** Required action **
The whole listing, repeated exactly, is what this task asks for.
>>>
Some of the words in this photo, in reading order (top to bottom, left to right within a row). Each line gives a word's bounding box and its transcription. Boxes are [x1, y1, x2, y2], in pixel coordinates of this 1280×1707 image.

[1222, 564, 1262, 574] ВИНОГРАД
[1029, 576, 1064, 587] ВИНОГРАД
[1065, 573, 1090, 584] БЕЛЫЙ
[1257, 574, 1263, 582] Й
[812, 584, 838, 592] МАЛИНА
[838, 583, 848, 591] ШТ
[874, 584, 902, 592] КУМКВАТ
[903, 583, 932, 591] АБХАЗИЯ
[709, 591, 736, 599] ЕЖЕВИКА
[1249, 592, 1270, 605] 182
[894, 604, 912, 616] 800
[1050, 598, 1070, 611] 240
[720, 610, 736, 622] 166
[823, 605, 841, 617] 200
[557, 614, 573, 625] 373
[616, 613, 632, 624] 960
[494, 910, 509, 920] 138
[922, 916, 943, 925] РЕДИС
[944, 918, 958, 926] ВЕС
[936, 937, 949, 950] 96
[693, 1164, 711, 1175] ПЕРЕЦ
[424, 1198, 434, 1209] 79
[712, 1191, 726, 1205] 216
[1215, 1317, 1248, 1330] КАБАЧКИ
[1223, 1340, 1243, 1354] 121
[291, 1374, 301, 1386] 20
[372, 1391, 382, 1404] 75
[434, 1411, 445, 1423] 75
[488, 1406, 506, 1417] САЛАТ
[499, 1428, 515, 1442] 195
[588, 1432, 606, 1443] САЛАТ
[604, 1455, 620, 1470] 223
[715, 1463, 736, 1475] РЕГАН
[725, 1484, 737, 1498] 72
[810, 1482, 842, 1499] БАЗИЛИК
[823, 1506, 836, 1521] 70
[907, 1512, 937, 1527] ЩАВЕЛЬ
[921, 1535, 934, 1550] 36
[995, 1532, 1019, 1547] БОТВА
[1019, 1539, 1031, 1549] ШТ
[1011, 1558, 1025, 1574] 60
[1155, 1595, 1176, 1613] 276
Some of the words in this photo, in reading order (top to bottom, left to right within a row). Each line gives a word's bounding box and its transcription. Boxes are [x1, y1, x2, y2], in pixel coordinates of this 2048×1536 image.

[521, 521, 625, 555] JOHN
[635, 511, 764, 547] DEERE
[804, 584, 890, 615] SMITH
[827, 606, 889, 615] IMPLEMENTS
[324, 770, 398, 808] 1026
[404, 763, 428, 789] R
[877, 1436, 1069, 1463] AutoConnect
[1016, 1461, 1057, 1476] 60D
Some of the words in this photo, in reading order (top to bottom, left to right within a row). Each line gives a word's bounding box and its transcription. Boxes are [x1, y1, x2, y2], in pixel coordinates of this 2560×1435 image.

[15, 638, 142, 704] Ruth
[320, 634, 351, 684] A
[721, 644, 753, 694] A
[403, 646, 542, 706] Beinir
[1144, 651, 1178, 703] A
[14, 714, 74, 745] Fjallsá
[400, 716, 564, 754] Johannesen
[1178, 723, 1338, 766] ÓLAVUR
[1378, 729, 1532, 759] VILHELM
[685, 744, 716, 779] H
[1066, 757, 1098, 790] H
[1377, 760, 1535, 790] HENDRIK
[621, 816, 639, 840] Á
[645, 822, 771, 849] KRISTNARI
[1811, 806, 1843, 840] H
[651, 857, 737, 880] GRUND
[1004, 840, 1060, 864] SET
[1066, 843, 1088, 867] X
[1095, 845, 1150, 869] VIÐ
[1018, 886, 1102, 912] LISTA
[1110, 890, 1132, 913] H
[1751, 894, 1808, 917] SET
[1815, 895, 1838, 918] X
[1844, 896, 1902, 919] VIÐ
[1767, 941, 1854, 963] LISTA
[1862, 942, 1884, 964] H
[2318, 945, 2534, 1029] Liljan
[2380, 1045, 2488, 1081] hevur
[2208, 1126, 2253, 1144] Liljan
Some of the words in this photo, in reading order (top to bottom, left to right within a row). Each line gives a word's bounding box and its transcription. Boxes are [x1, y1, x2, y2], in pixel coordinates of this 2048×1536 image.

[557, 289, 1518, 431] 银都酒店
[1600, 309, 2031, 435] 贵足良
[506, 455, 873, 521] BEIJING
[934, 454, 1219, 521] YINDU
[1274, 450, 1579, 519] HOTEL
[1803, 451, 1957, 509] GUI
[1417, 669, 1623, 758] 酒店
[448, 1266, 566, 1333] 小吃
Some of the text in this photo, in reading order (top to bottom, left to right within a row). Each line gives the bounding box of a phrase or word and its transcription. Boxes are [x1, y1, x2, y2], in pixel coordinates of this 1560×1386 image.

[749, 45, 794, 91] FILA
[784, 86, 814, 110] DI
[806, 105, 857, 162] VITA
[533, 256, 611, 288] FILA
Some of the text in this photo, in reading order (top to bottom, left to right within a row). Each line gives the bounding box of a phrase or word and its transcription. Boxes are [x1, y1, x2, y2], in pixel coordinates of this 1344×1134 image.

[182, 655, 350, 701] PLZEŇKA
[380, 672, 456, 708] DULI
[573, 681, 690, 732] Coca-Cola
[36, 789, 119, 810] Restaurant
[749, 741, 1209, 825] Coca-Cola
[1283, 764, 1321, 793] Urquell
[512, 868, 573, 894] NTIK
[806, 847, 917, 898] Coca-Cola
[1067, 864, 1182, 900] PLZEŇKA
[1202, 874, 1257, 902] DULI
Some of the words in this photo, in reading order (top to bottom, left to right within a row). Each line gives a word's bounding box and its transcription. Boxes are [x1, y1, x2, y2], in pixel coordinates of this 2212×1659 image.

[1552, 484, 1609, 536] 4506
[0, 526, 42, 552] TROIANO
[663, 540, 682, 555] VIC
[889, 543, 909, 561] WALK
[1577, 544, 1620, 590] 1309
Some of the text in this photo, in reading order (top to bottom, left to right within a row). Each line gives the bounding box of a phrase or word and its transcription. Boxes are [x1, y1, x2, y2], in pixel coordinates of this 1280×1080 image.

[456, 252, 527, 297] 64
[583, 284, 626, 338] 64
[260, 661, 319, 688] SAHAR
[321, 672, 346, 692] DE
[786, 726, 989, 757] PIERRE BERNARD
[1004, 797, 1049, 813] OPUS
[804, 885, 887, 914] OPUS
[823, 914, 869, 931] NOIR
<<<
** Your response **
Some of the words in this photo, in reading order (top to bottom, left to right within a row). Each line gives a word's bounding box and its transcription. Boxes are [x1, y1, x2, y2], in pixel coordinates of this 1280×1707 image.

[1222, 564, 1262, 574] ВИНОГРАД
[1029, 576, 1064, 587] ВИНОГРАД
[1065, 573, 1090, 584] БЕЛЫЙ
[1257, 574, 1263, 582] Й
[812, 584, 838, 592] МАЛИНА
[838, 583, 848, 591] ШТ
[874, 584, 902, 592] КУМКВАТ
[903, 583, 932, 591] АБХАЗИЯ
[709, 591, 736, 599] ЕЖЕВИКА
[1249, 592, 1270, 605] 182
[894, 604, 912, 616] 800
[1050, 598, 1070, 611] 240
[720, 610, 736, 622] 166
[823, 605, 841, 617] 200
[557, 614, 573, 625] 373
[616, 613, 632, 624] 960
[494, 910, 509, 920] 138
[922, 916, 943, 925] РЕДИС
[944, 918, 958, 926] ВЕС
[936, 937, 949, 950] 96
[693, 1164, 711, 1175] ПЕРЕЦ
[424, 1198, 434, 1209] 79
[712, 1191, 726, 1205] 216
[1215, 1317, 1248, 1330] КАБАЧКИ
[1223, 1340, 1243, 1354] 121
[291, 1374, 301, 1386] 20
[372, 1391, 382, 1404] 75
[434, 1411, 445, 1423] 75
[488, 1406, 506, 1417] САЛАТ
[499, 1428, 515, 1442] 195
[588, 1432, 606, 1443] САЛАТ
[604, 1455, 620, 1470] 223
[715, 1463, 736, 1475] РЕГАН
[725, 1484, 737, 1498] 72
[810, 1482, 842, 1499] БАЗИЛИК
[823, 1506, 836, 1521] 70
[907, 1512, 937, 1527] ЩАВЕЛЬ
[921, 1535, 934, 1550] 36
[995, 1532, 1019, 1547] БОТВА
[1019, 1539, 1031, 1549] ШТ
[1011, 1558, 1025, 1574] 60
[1155, 1595, 1176, 1613] 276
Some of the words in this photo, in reading order (top to bottom, left to right within a row). Each line gives a word's bounding box and its transcription. Boxes are [x1, y1, x2, y2], in pixel coordinates of this 2048×1536 image.

[521, 521, 625, 555] JOHN
[635, 511, 764, 547] DEERE
[804, 584, 890, 615] SMITH
[827, 606, 889, 615] IMPLEMENTS
[324, 770, 398, 808] 1026
[404, 763, 428, 789] R
[877, 1436, 1069, 1463] AutoConnect
[1016, 1461, 1057, 1476] 60D
Some of the words in this photo, in reading order (top to bottom, left to right within a row). Each line gives a word's bounding box and its transcription. Boxes are [x1, y1, x2, y2], in pixel coordinates of this 2560×1435 image.

[15, 638, 142, 704] Ruth
[320, 634, 351, 684] A
[721, 644, 753, 694] A
[403, 646, 542, 706] Beinir
[1144, 651, 1178, 703] A
[14, 714, 74, 745] Fjallsá
[400, 716, 564, 754] Johannesen
[1178, 723, 1338, 766] ÓLAVUR
[1378, 729, 1532, 759] VILHELM
[685, 744, 716, 779] H
[1066, 757, 1098, 790] H
[1377, 760, 1535, 790] HENDRIK
[621, 816, 639, 840] Á
[645, 822, 771, 849] KRISTNARI
[1811, 806, 1843, 840] H
[651, 857, 737, 880] GRUND
[1004, 840, 1060, 864] SET
[1066, 843, 1088, 867] X
[1095, 845, 1150, 869] VIÐ
[1018, 886, 1102, 912] LISTA
[1110, 890, 1132, 913] H
[1751, 894, 1808, 917] SET
[1815, 895, 1838, 918] X
[1844, 896, 1902, 919] VIÐ
[1767, 941, 1854, 963] LISTA
[1862, 942, 1884, 964] H
[2318, 945, 2534, 1029] Liljan
[2380, 1045, 2488, 1081] hevur
[2208, 1126, 2253, 1144] Liljan
Some of the words in this photo, in reading order (top to bottom, left to right within a row). Each line gives a word's bounding box and its transcription. Boxes are [x1, y1, x2, y2], in pixel coordinates of this 2048×1536 image.

[557, 289, 1518, 431] 银都酒店
[1600, 309, 2031, 435] 贵足良
[506, 455, 873, 521] BEIJING
[934, 454, 1219, 521] YINDU
[1274, 450, 1579, 519] HOTEL
[1803, 451, 1957, 509] GUI
[1417, 669, 1623, 758] 酒店
[448, 1266, 566, 1333] 小吃
Some of the text in this photo, in reading order (top to bottom, left to right within a row). Each line gives the bounding box of a phrase or word and its transcription. Boxes are [x1, y1, x2, y2], in pixel coordinates of this 1560×1386 image.

[749, 45, 794, 91] FILA
[784, 86, 814, 110] DI
[806, 105, 857, 162] VITA
[533, 256, 611, 288] FILA
Some of the text in this photo, in reading order (top to bottom, left to right within a row). Each line gives the bounding box of a phrase or word and its transcription. Boxes are [x1, y1, x2, y2], in pixel coordinates of this 1344×1134 image.

[182, 655, 350, 701] PLZEŇKA
[380, 672, 456, 708] DULI
[573, 681, 690, 732] Coca-Cola
[36, 789, 119, 810] Restaurant
[749, 741, 1209, 825] Coca-Cola
[1283, 764, 1321, 793] Urquell
[512, 868, 573, 894] NTIK
[806, 847, 917, 898] Coca-Cola
[1067, 864, 1182, 900] PLZEŇKA
[1202, 874, 1257, 902] DULI
Some of the words in this photo, in reading order (top to bottom, left to right within a row). Each line gives a word's bounding box and its transcription. Boxes are [x1, y1, x2, y2], in pixel coordinates of this 2212×1659 image.

[1552, 484, 1609, 536] 4506
[0, 526, 42, 552] TROIANO
[663, 540, 682, 555] VIC
[889, 543, 909, 561] WALK
[1577, 544, 1620, 590] 1309
Some of the text in this photo, in reading order (top to bottom, left to right within a row). Each line gives the bounding box of a phrase or word and its transcription. Boxes are [x1, y1, x2, y2], in pixel coordinates of this 1280×1080 image.

[456, 252, 527, 297] 64
[583, 284, 626, 338] 64
[260, 661, 319, 688] SAHAR
[321, 672, 346, 692] DE
[786, 726, 989, 757] PIERRE BERNARD
[1004, 797, 1049, 813] OPUS
[804, 885, 887, 914] OPUS
[823, 914, 869, 931] NOIR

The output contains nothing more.